• What is needed:
Write out the complete data exactly as written.

Segment Start: Data excerpts

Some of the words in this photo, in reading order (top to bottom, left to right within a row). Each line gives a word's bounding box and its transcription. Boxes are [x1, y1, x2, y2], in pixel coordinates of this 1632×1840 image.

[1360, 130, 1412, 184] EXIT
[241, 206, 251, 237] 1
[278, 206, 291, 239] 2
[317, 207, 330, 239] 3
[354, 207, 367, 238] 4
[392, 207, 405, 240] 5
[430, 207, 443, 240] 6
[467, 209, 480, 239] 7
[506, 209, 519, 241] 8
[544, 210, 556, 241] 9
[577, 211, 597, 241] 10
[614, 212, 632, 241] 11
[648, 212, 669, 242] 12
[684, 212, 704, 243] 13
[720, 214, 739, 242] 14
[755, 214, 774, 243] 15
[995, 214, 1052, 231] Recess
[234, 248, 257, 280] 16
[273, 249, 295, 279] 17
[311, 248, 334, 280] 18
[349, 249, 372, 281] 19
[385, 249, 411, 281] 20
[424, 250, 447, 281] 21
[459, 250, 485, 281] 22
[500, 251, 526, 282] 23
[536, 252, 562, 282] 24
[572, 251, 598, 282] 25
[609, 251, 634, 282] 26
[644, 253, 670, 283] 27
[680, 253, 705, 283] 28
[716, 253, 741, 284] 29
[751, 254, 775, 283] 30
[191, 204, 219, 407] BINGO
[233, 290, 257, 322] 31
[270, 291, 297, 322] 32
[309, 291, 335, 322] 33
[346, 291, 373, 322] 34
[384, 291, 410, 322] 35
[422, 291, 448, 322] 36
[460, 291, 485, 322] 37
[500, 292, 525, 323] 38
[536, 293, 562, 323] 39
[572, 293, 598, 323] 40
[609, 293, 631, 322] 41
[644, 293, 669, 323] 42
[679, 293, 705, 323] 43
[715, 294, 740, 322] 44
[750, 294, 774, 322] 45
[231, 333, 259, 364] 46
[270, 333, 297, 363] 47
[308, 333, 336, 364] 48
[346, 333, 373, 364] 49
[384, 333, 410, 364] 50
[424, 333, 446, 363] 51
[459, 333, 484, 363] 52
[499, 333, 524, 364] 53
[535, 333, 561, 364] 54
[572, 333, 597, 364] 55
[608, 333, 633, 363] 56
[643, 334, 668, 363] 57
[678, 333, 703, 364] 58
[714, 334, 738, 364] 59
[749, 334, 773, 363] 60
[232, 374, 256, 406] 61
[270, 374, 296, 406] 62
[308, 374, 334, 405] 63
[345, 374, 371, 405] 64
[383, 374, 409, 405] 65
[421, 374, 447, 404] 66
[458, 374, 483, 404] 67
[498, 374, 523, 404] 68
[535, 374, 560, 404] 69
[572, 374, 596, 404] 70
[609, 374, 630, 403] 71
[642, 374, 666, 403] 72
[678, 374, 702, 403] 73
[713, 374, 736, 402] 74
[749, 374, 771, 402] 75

Segment End: Data excerpts

• Answer to the exercise:
Some of the words in this photo, in reading order (top to bottom, left to right within a row). Each line gives a word's bounding box and its transcription. Boxes are [x1, y1, x2, y2], in pixel coordinates of this 1632×1840 image.

[1360, 130, 1412, 184] EXIT
[241, 206, 251, 237] 1
[278, 206, 291, 239] 2
[317, 207, 330, 239] 3
[354, 207, 367, 238] 4
[392, 207, 405, 240] 5
[430, 207, 443, 240] 6
[467, 209, 480, 239] 7
[506, 209, 519, 241] 8
[544, 210, 556, 241] 9
[577, 211, 597, 241] 10
[614, 212, 632, 241] 11
[648, 212, 669, 242] 12
[684, 212, 704, 243] 13
[720, 214, 739, 242] 14
[755, 214, 774, 243] 15
[995, 214, 1052, 231] Recess
[234, 248, 257, 280] 16
[273, 249, 295, 279] 17
[311, 248, 334, 280] 18
[349, 249, 372, 281] 19
[385, 249, 411, 281] 20
[424, 250, 447, 281] 21
[459, 250, 485, 281] 22
[500, 251, 526, 282] 23
[536, 252, 562, 282] 24
[572, 251, 598, 282] 25
[609, 251, 634, 282] 26
[644, 253, 670, 283] 27
[680, 253, 705, 283] 28
[716, 253, 741, 284] 29
[751, 254, 775, 283] 30
[191, 204, 219, 407] BINGO
[233, 290, 257, 322] 31
[270, 291, 297, 322] 32
[309, 291, 335, 322] 33
[346, 291, 373, 322] 34
[384, 291, 410, 322] 35
[422, 291, 448, 322] 36
[460, 291, 485, 322] 37
[500, 292, 525, 323] 38
[536, 293, 562, 323] 39
[572, 293, 598, 323] 40
[609, 293, 631, 322] 41
[644, 293, 669, 323] 42
[679, 293, 705, 323] 43
[715, 294, 740, 322] 44
[750, 294, 774, 322] 45
[231, 333, 259, 364] 46
[270, 333, 297, 363] 47
[308, 333, 336, 364] 48
[346, 333, 373, 364] 49
[384, 333, 410, 364] 50
[424, 333, 446, 363] 51
[459, 333, 484, 363] 52
[499, 333, 524, 364] 53
[535, 333, 561, 364] 54
[572, 333, 597, 364] 55
[608, 333, 633, 363] 56
[643, 334, 668, 363] 57
[678, 333, 703, 364] 58
[714, 334, 738, 364] 59
[749, 334, 773, 363] 60
[232, 374, 256, 406] 61
[270, 374, 296, 406] 62
[308, 374, 334, 405] 63
[345, 374, 371, 405] 64
[383, 374, 409, 405] 65
[421, 374, 447, 404] 66
[458, 374, 483, 404] 67
[498, 374, 523, 404] 68
[535, 374, 560, 404] 69
[572, 374, 596, 404] 70
[609, 374, 630, 403] 71
[642, 374, 666, 403] 72
[678, 374, 702, 403] 73
[713, 374, 736, 402] 74
[749, 374, 771, 402] 75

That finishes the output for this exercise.